Published in final edited form as: Biochemistry. 2016 Oct 27;55(44):6087–6099. doi: 10.1021/acs.biochem.6b00986

Figure 6. SAMHD1 does not posses hydrolytic or phosphorolytic RNase Activity.

Figure 6

(A) Reactions of 5’ 32P-labeled ssRNA 20mer (1 µM) and SAMHD1 (0.5 µM) were carried out in Tris/KCl/MgCl2 buffer supplemented with the indicated concentration of phosphate and degradation products were resolved by denaturing PAGE. (B) Reactions of 3H-dGTP (1 mM) and SAMHD1 (0.5 µM) carried out under the same conditions as above and the products were resolved by RP-TLC. (C) Reactions were prepared as in (A) but with 0.1 µM human polynucleotide phosphorylase as a positive control.

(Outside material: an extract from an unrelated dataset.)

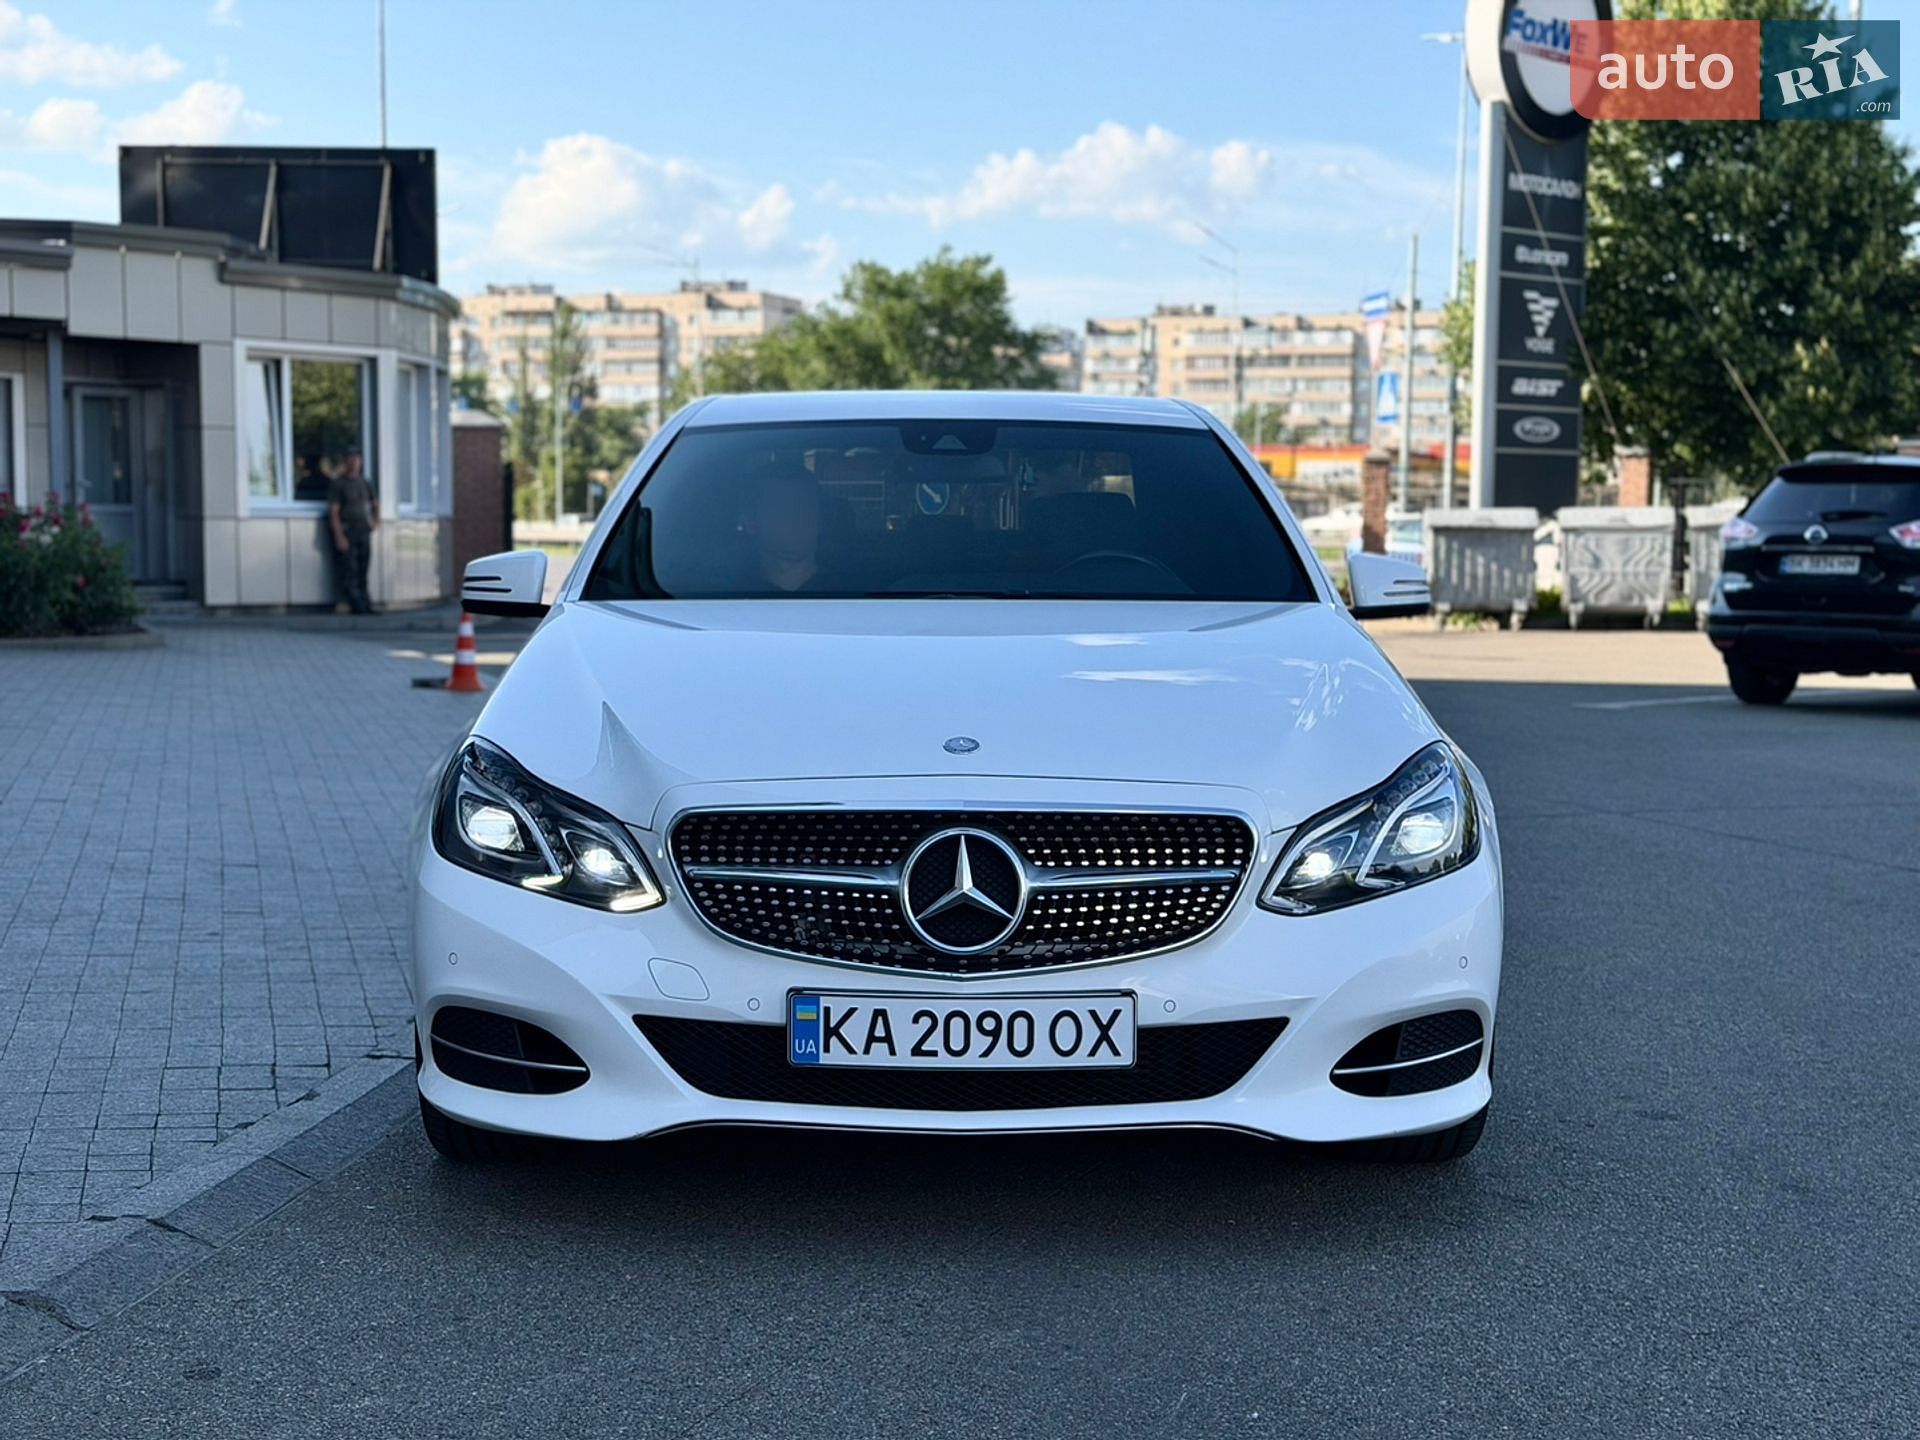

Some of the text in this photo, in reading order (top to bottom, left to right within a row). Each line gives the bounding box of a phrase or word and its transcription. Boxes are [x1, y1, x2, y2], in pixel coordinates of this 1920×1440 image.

[794, 1038, 817, 1055] UA
[822, 1005, 1123, 1058] KA 2090 OX
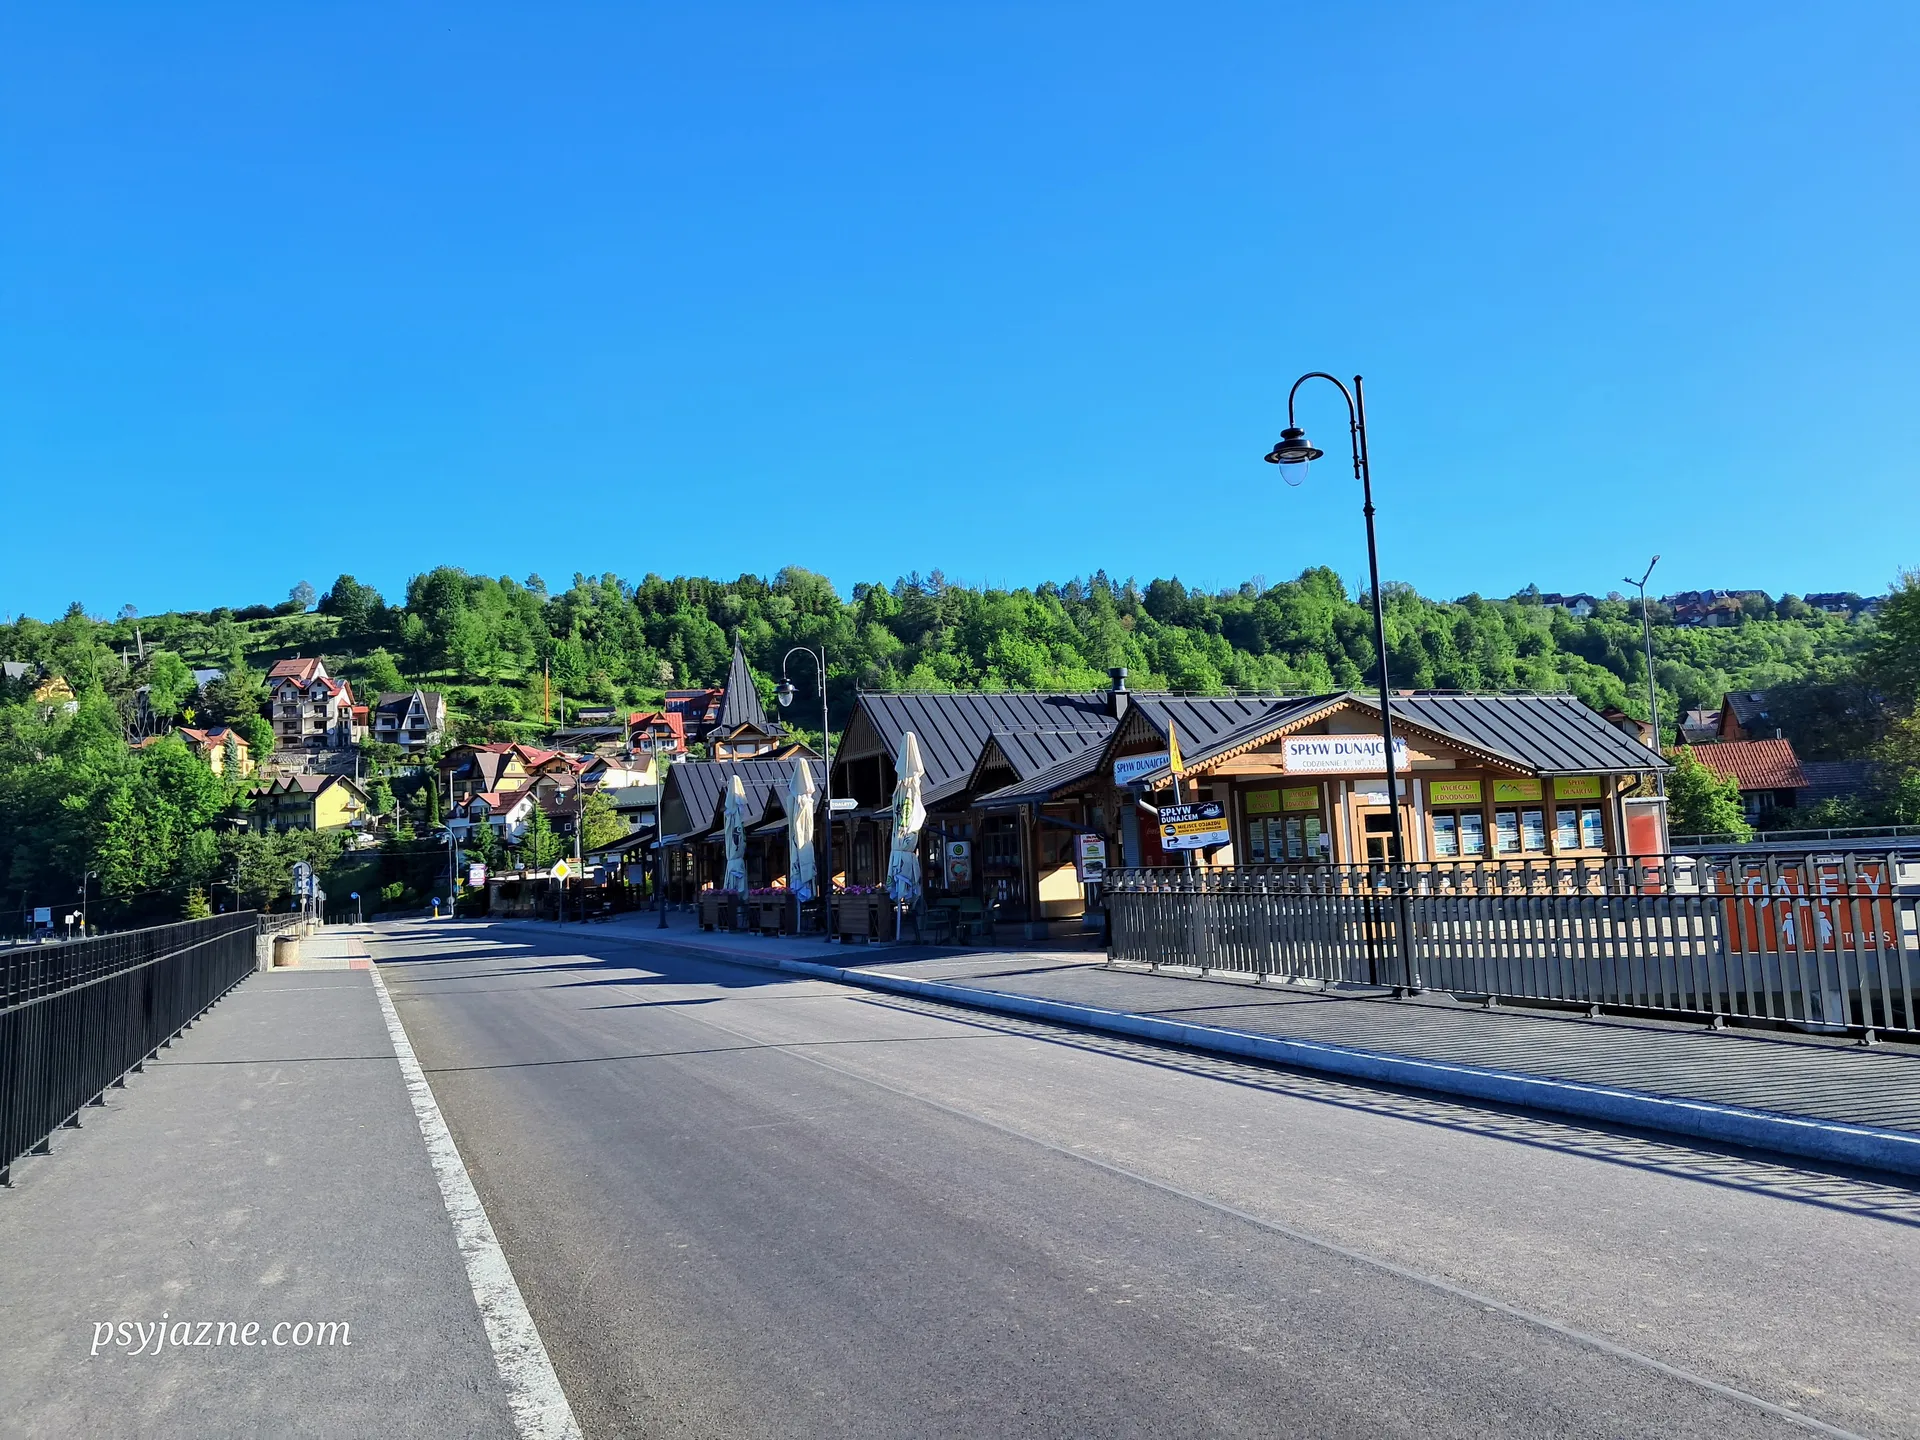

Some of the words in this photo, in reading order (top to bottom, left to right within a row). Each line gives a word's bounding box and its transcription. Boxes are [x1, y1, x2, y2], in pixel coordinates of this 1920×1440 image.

Robust phosphorolytic activity is observed with 10 mM Pi, but is inhibited by high concentrations of Pi as previously reported54 (D) Reactions prepared with Tris/KCl/MgCl2 buffer, 32Pi (10 mM), poly(A) RNA (1 mg/mL), and SAMHD1 (5 µM) or the positive control enzyme human polynucleotide phosphorylase (1 µM) were carried out and the ADP product was resolved from Pi by PEI-Cellulose TLC.